__Your instructions__: Here are some records. Transcribe all of them exactly.

====== Records for the task

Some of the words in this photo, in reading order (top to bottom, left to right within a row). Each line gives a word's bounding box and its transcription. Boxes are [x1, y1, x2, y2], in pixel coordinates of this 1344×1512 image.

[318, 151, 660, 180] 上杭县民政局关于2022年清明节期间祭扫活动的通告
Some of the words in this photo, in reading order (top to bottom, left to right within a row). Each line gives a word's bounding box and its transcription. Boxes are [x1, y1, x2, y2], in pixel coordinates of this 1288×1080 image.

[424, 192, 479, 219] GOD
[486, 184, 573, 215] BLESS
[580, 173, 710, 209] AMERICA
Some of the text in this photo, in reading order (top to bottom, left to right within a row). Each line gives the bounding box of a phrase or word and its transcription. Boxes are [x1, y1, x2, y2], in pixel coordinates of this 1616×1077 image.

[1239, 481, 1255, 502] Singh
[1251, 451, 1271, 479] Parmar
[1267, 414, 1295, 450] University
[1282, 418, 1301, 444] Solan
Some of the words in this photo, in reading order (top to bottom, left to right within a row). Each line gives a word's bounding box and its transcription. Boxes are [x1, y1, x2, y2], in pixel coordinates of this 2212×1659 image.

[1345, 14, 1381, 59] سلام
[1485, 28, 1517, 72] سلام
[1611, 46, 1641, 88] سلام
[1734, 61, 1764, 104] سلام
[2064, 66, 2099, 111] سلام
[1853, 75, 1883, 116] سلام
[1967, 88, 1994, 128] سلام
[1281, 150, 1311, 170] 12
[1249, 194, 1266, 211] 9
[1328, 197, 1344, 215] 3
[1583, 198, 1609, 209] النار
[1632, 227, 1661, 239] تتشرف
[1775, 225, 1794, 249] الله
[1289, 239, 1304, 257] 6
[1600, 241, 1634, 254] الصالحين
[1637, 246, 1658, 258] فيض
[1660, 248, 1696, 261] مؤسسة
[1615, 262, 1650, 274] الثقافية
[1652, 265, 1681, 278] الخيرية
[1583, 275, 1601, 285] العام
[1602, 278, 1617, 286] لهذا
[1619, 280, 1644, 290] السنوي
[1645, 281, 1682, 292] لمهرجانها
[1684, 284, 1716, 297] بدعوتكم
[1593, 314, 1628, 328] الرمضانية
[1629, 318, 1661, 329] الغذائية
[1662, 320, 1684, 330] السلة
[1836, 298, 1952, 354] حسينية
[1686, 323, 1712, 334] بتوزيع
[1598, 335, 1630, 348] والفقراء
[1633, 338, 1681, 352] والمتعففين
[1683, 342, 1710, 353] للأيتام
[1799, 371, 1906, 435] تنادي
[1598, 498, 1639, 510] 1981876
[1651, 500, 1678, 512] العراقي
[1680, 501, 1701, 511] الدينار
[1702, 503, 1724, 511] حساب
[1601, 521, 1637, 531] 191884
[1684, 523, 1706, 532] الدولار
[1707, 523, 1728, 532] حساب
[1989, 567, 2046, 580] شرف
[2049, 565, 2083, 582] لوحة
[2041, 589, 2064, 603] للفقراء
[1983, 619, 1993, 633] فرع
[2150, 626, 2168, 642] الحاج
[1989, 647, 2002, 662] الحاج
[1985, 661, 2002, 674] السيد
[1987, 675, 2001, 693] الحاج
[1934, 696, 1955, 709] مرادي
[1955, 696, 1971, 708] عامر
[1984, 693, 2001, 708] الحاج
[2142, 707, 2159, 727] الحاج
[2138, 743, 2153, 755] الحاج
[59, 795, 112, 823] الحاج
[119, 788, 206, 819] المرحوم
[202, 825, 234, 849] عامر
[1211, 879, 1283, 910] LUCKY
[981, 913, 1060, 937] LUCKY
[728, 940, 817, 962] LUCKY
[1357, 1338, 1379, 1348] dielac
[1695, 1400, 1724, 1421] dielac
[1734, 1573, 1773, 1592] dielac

============

__Exercise response__:
Some of the words in this photo, in reading order (top to bottom, left to right within a row). Each line gives a word's bounding box and its transcription. Boxes are [x1, y1, x2, y2], in pixel coordinates of this 1344×1512 image.

[318, 151, 660, 180] 上杭县民政局关于2022年清明节期间祭扫活动的通告
Some of the words in this photo, in reading order (top to bottom, left to right within a row). Each line gives a word's bounding box and its transcription. Boxes are [x1, y1, x2, y2], in pixel coordinates of this 1288×1080 image.

[424, 192, 479, 219] GOD
[486, 184, 573, 215] BLESS
[580, 173, 710, 209] AMERICA
Some of the text in this photo, in reading order (top to bottom, left to right within a row). Each line gives the bounding box of a phrase or word and its transcription. Boxes are [x1, y1, x2, y2], in pixel coordinates of this 1616×1077 image.

[1239, 481, 1255, 502] Singh
[1251, 451, 1271, 479] Parmar
[1267, 414, 1295, 450] University
[1282, 418, 1301, 444] Solan
Some of the words in this photo, in reading order (top to bottom, left to right within a row). Each line gives a word's bounding box and its transcription. Boxes are [x1, y1, x2, y2], in pixel coordinates of this 2212×1659 image.

[1345, 14, 1381, 59] سلام
[1485, 28, 1517, 72] سلام
[1611, 46, 1641, 88] سلام
[1734, 61, 1764, 104] سلام
[2064, 66, 2099, 111] سلام
[1853, 75, 1883, 116] سلام
[1967, 88, 1994, 128] سلام
[1281, 150, 1311, 170] 12
[1249, 194, 1266, 211] 9
[1328, 197, 1344, 215] 3
[1583, 198, 1609, 209] النار
[1632, 227, 1661, 239] تتشرف
[1775, 225, 1794, 249] الله
[1289, 239, 1304, 257] 6
[1600, 241, 1634, 254] الصالحين
[1637, 246, 1658, 258] فيض
[1660, 248, 1696, 261] مؤسسة
[1615, 262, 1650, 274] الثقافية
[1652, 265, 1681, 278] الخيرية
[1583, 275, 1601, 285] العام
[1602, 278, 1617, 286] لهذا
[1619, 280, 1644, 290] السنوي
[1645, 281, 1682, 292] لمهرجانها
[1684, 284, 1716, 297] بدعوتكم
[1593, 314, 1628, 328] الرمضانية
[1629, 318, 1661, 329] الغذائية
[1662, 320, 1684, 330] السلة
[1836, 298, 1952, 354] حسينية
[1686, 323, 1712, 334] بتوزيع
[1598, 335, 1630, 348] والفقراء
[1633, 338, 1681, 352] والمتعففين
[1683, 342, 1710, 353] للأيتام
[1799, 371, 1906, 435] تنادي
[1598, 498, 1639, 510] 1981876
[1651, 500, 1678, 512] العراقي
[1680, 501, 1701, 511] الدينار
[1702, 503, 1724, 511] حساب
[1601, 521, 1637, 531] 191884
[1684, 523, 1706, 532] الدولار
[1707, 523, 1728, 532] حساب
[1989, 567, 2046, 580] شرف
[2049, 565, 2083, 582] لوحة
[2041, 589, 2064, 603] للفقراء
[1983, 619, 1993, 633] فرع
[2150, 626, 2168, 642] الحاج
[1989, 647, 2002, 662] الحاج
[1985, 661, 2002, 674] السيد
[1987, 675, 2001, 693] الحاج
[1934, 696, 1955, 709] مرادي
[1955, 696, 1971, 708] عامر
[1984, 693, 2001, 708] الحاج
[2142, 707, 2159, 727] الحاج
[2138, 743, 2153, 755] الحاج
[59, 795, 112, 823] الحاج
[119, 788, 206, 819] المرحوم
[202, 825, 234, 849] عامر
[1211, 879, 1283, 910] LUCKY
[981, 913, 1060, 937] LUCKY
[728, 940, 817, 962] LUCKY
[1357, 1338, 1379, 1348] dielac
[1695, 1400, 1724, 1421] dielac
[1734, 1573, 1773, 1592] dielac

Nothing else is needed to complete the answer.